- El arrastrero gallego Radoche Tercero se hunde en Gran Sol tras una vía de agua. Sus 12 tripulantes fueron rescatados sanos y salvos por el Puenteareas Uno.
Una pérdida dolorosa en uno de los caladeros más duros del Atlántico
El mar del Gran Sol volvió a demostrar por qué es uno de los caladeros más exigentes del Atlántico europeo. El Radoche Tercero, un arrastrero de 34 metros y más de dos décadas de actividad, terminó hundido a 55 millas al suroeste de Castletownbere. Su armador, la familia Fernández Portilla —ligada a la pesca en Celeiro— asumía la noticia con un sentimiento doble: tristeza pela pérdida del barco y alivio por la vida salvada de todos los marineros.

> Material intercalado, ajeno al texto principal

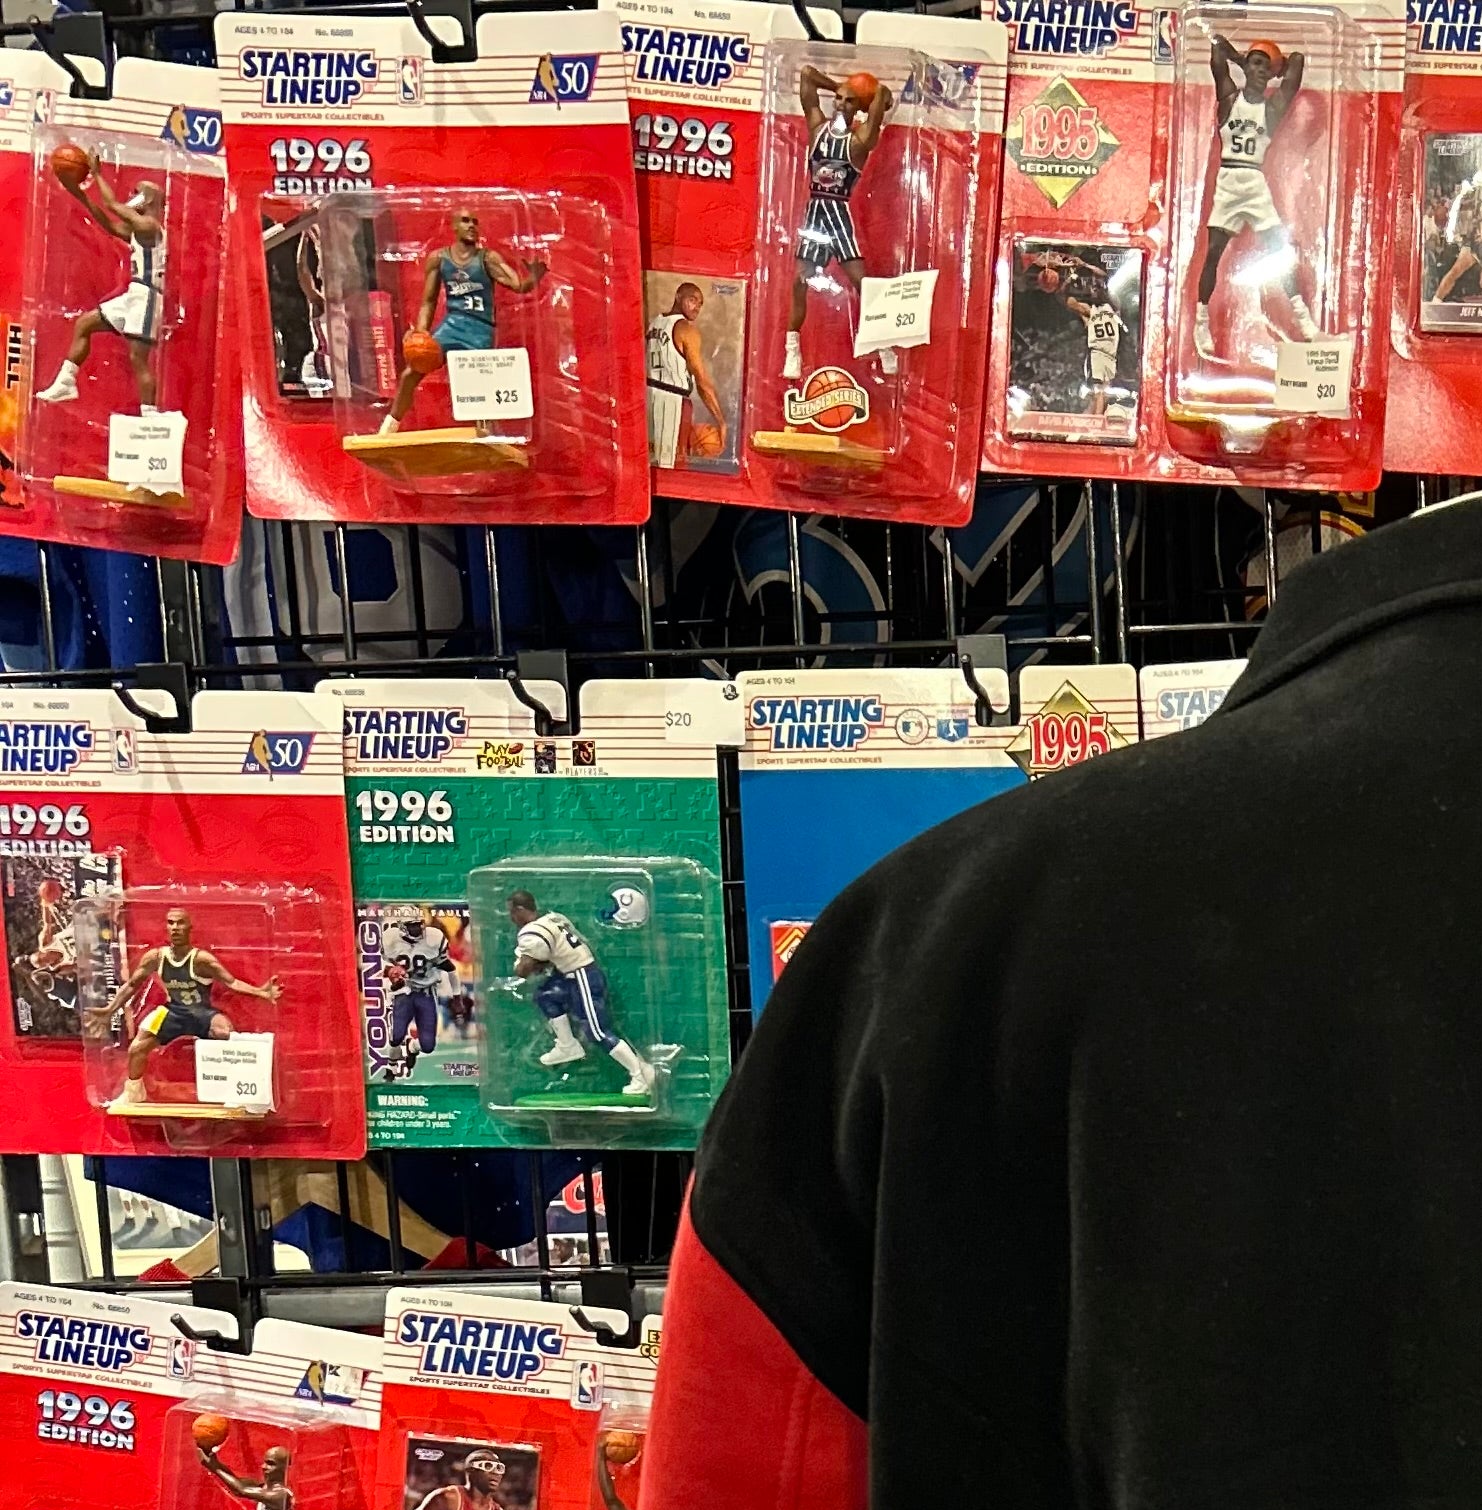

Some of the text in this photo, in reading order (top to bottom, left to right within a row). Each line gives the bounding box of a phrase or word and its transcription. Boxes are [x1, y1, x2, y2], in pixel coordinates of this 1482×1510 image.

[996, 0, 1138, 30] STARTING
[621, 25, 750, 63] STARTING
[1016, 26, 1118, 55] LINEUP
[243, 51, 377, 78] STARTING
[637, 61, 733, 87] LINEUP
[267, 78, 361, 104] LINEUP
[558, 62, 589, 95] 50
[241, 112, 385, 121] SPORTS SUPERSTAR COLLECTIBLES
[191, 117, 222, 146] 50
[634, 115, 734, 156] 1996
[1019, 104, 1099, 159] 1995
[270, 139, 372, 174] 1996
[1231, 136, 1257, 155] 50
[634, 153, 732, 180] EDITION
[1026, 163, 1092, 176] EDITION
[274, 177, 373, 195] EDITION
[464, 297, 485, 312] 33
[896, 313, 916, 327] $20
[1094, 322, 1116, 339] 50
[7, 324, 21, 389] HILL
[495, 390, 519, 404] $25
[1316, 383, 1336, 399] $20
[148, 456, 168, 471] $20
[344, 711, 467, 735] STARTING
[665, 712, 693, 728] $20
[752, 698, 883, 726] STARTING
[0, 724, 93, 748] ARTING
[360, 735, 451, 760] LINEUP
[483, 741, 510, 756] PLAY
[772, 724, 866, 749] LINEUP
[1028, 713, 1112, 770] 1995
[2, 748, 77, 772] INEUP
[272, 740, 303, 767] 50
[476, 753, 526, 770] FOOTBALL
[46, 780, 102, 788] COLLECTIBLES
[356, 790, 453, 822] 1996
[0, 804, 91, 837] 1996
[360, 825, 455, 843] EDITION
[0, 839, 91, 856] EDITION
[431, 909, 471, 919] FAULK
[359, 920, 388, 1078] YOUNG
[236, 1082, 258, 1097] $20
[377, 1095, 429, 1108] WARNING:
[18, 1314, 150, 1351] STARTING
[400, 1314, 563, 1354] STARTING
[38, 1339, 133, 1370] LINEUP
[422, 1346, 541, 1380] LINEUP
[409, 1376, 551, 1395] SPORTS SUPERSTAR COLLECTIBLES
[37, 1390, 135, 1430] 1996
[38, 1421, 135, 1450] EDITION

«Lo mejor es que a la gente no le pasó nada», insistía el armador, consciente de que un naufragio en la madrugada y en plena faena es una situación límite. La vía de agua, detectada de noche, avanzó sin control y forzó el abandono del buque. Su origen podría quedar para siempre bajo el mar.

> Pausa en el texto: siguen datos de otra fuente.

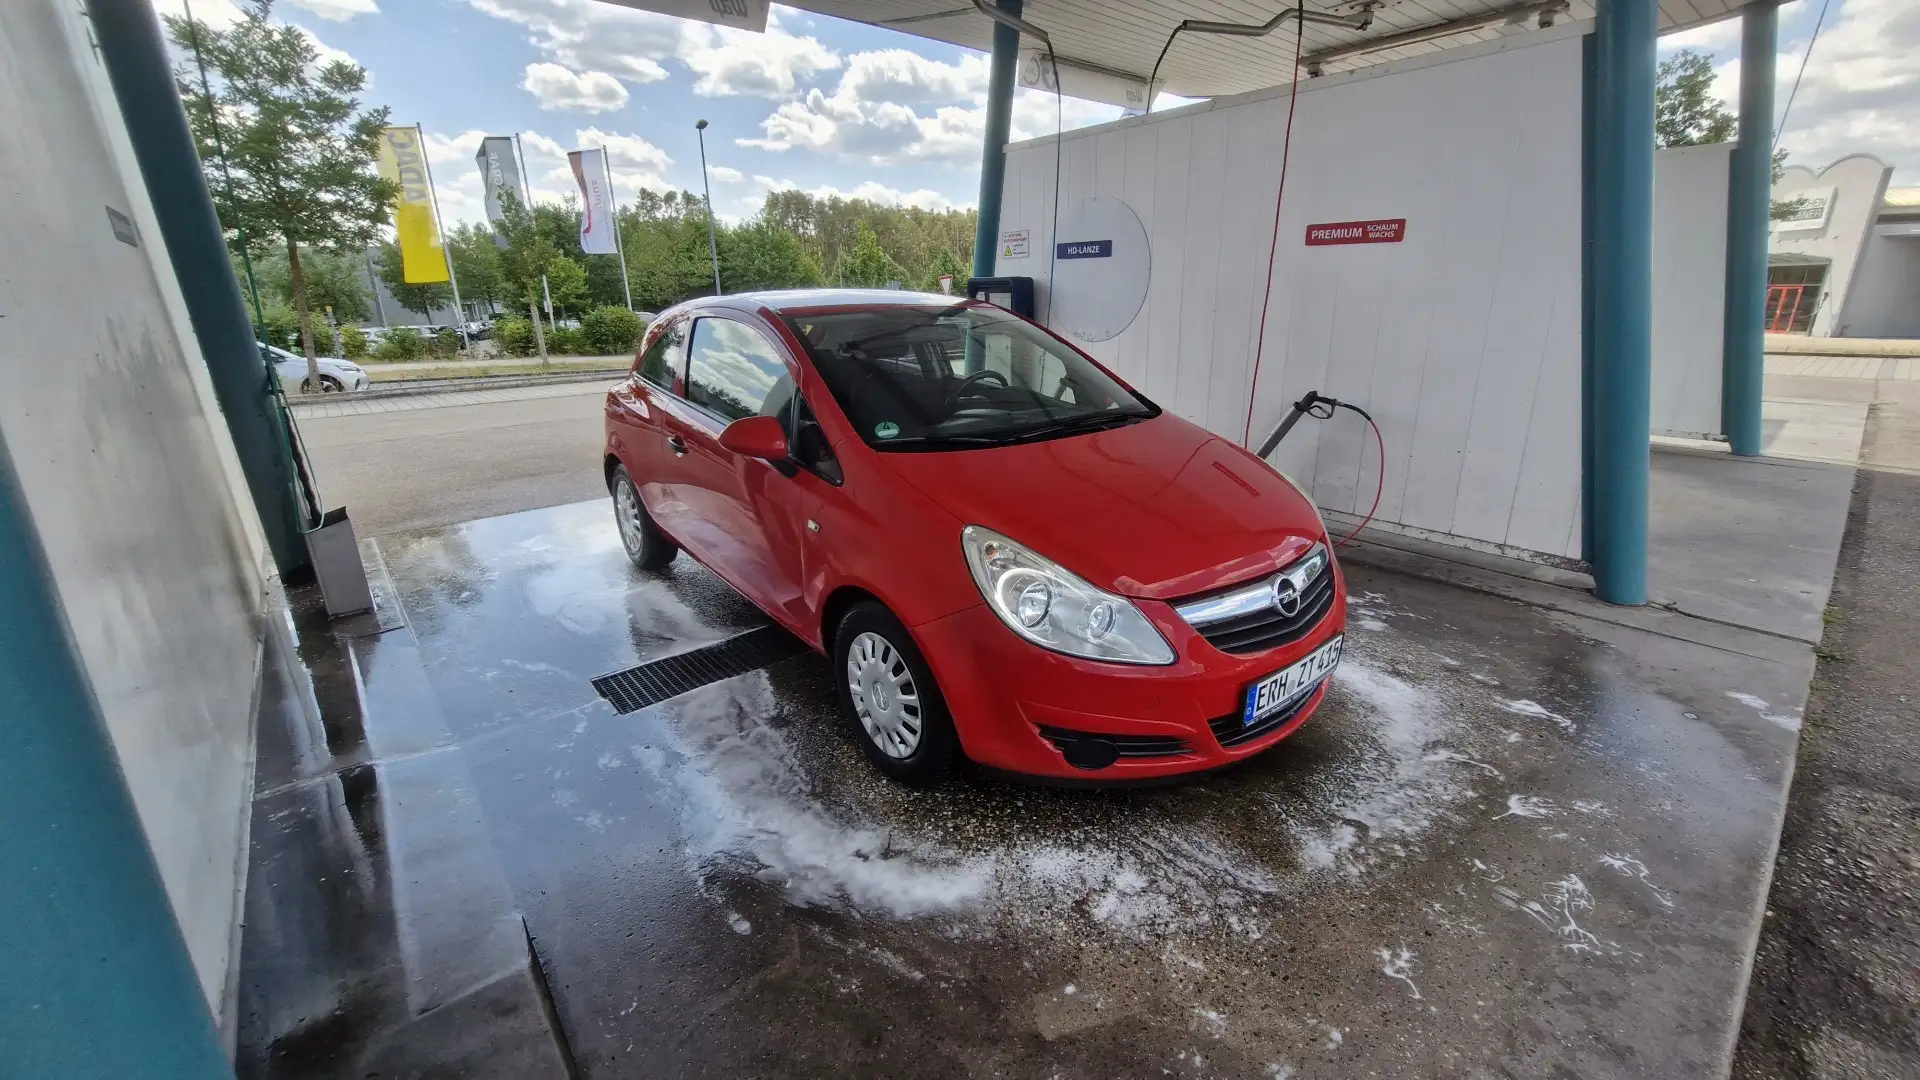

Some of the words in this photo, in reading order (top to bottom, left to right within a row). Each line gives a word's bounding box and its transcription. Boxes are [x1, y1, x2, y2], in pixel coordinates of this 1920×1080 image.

[1367, 223, 1399, 232] SCHAUM
[1312, 227, 1363, 240] PREMIUM
[1368, 231, 1395, 239] WACHS
[1067, 245, 1100, 255] HD-LANZE
[883, 422, 890, 430] 4
[1256, 672, 1289, 712] ERH
[1297, 656, 1317, 688] ZT
[1317, 640, 1341, 672] 415

Rescate rápido y vuelta al trabajo
Los doce tripulantes —nueve españoles y tres indonesios— se refugiaron en una balsa salvavidas hasta que el Puenteareas Uno, otro arrastrero de armador gallego con pabellón francés, llegó para auxiliarlos. El rescate fue coordinado desde Valentia por la Guardia Costera irlandesa, con apoyo de medios aéreos y marítimos.

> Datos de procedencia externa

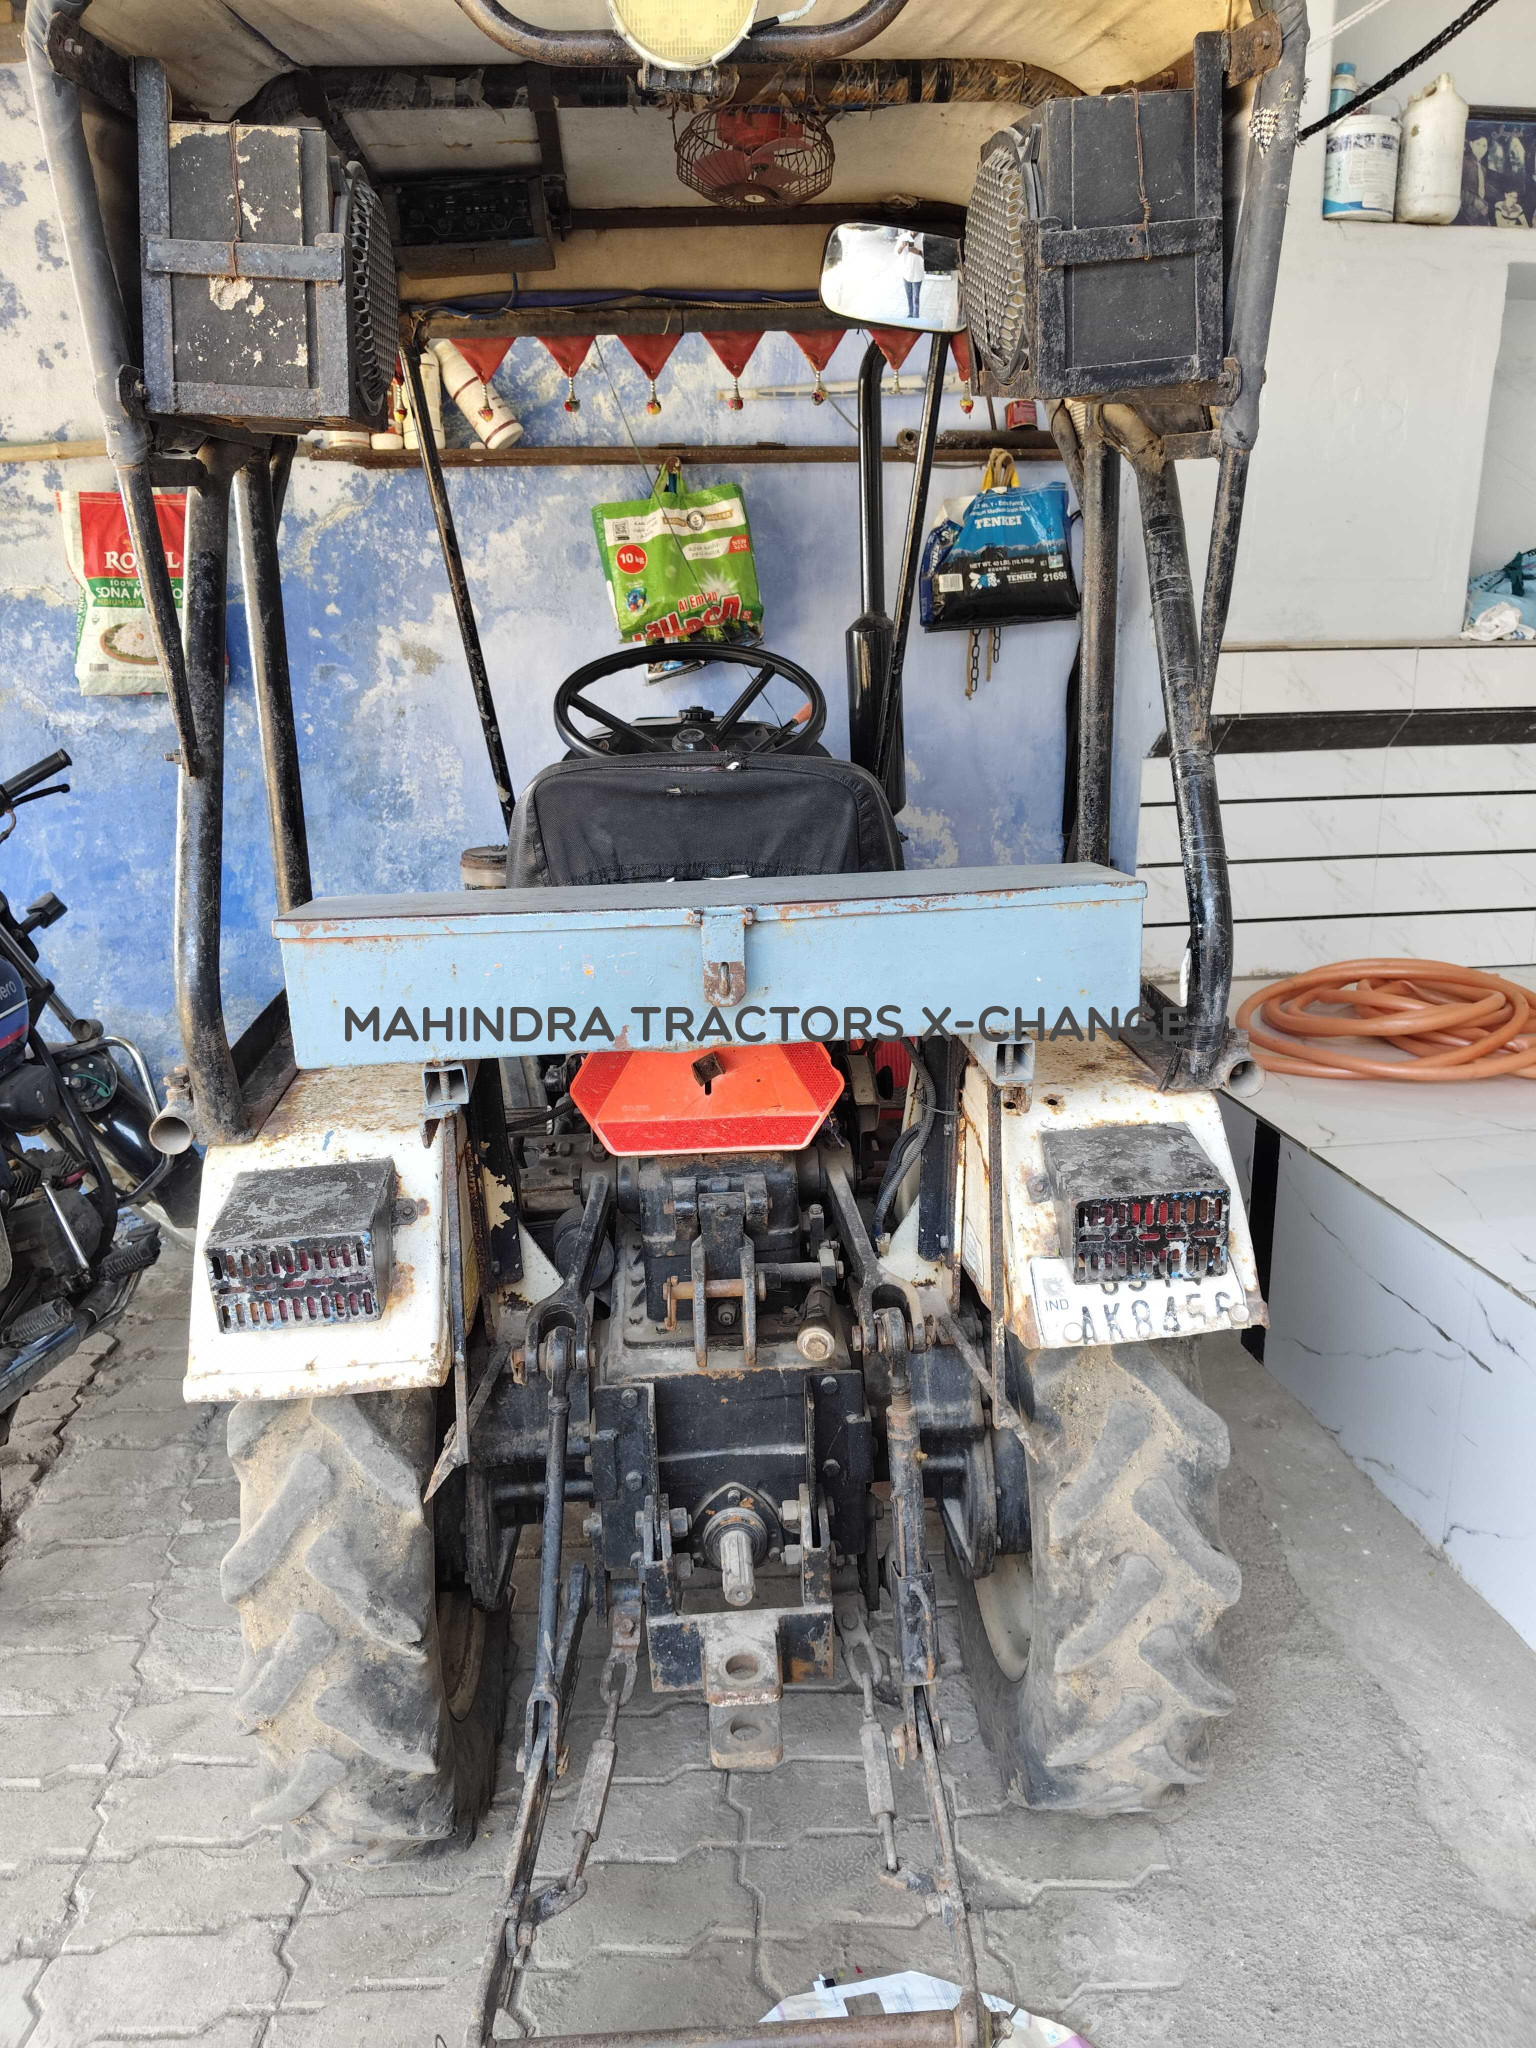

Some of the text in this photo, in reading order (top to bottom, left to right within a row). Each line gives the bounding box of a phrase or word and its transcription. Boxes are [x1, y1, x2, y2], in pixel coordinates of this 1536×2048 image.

[974, 515, 1023, 529] TENKEI
[104, 551, 180, 574] ROL
[619, 553, 645, 565] 10 kg
[109, 579, 134, 587] 100%
[1006, 572, 1037, 582] TENKEI
[95, 586, 131, 599] SONA
[678, 598, 689, 612] Al
[1045, 1298, 1069, 1312] IND

Ya en puerto y confirmada la pérdida definitiva del barco, el sector respira aliviado: no hay heridos, un desenlace que no siempre acompaña a episodios así en Gran Sol.
Impacto para la flota y para la economía marítima
El Radoche Tercero era un buque muy operativo y bien mantenido, según su armador, y trabajaba habitualmente descargando en A Coruña y Vigo. Su última pesca —llevada por carretera desde Irlanda— se subastó aún con el eco del naufragio.
Este suceso vuelve a poner sobre la mesa el riesgo constante al que se enfrentan las tripulaciones en zonas de pesca internacionales, con condiciones meteorológicas variables y lejos de la protección de un puerto. También evidencia la dependencia económica de puertos como Vigo, A Coruña o Celeiro de la continuidad de estos buques en activo.
Un barco que se va con historia a bordo
Construido en 2001, el Radoche Tercero era la “casa no mar” para sucesivas tripulaciones. Nació con nosotros, recordaba emocionado su propietario.
El mar lo ha reclamado, pero las vidas —lo único irremplazable— están de vuelta.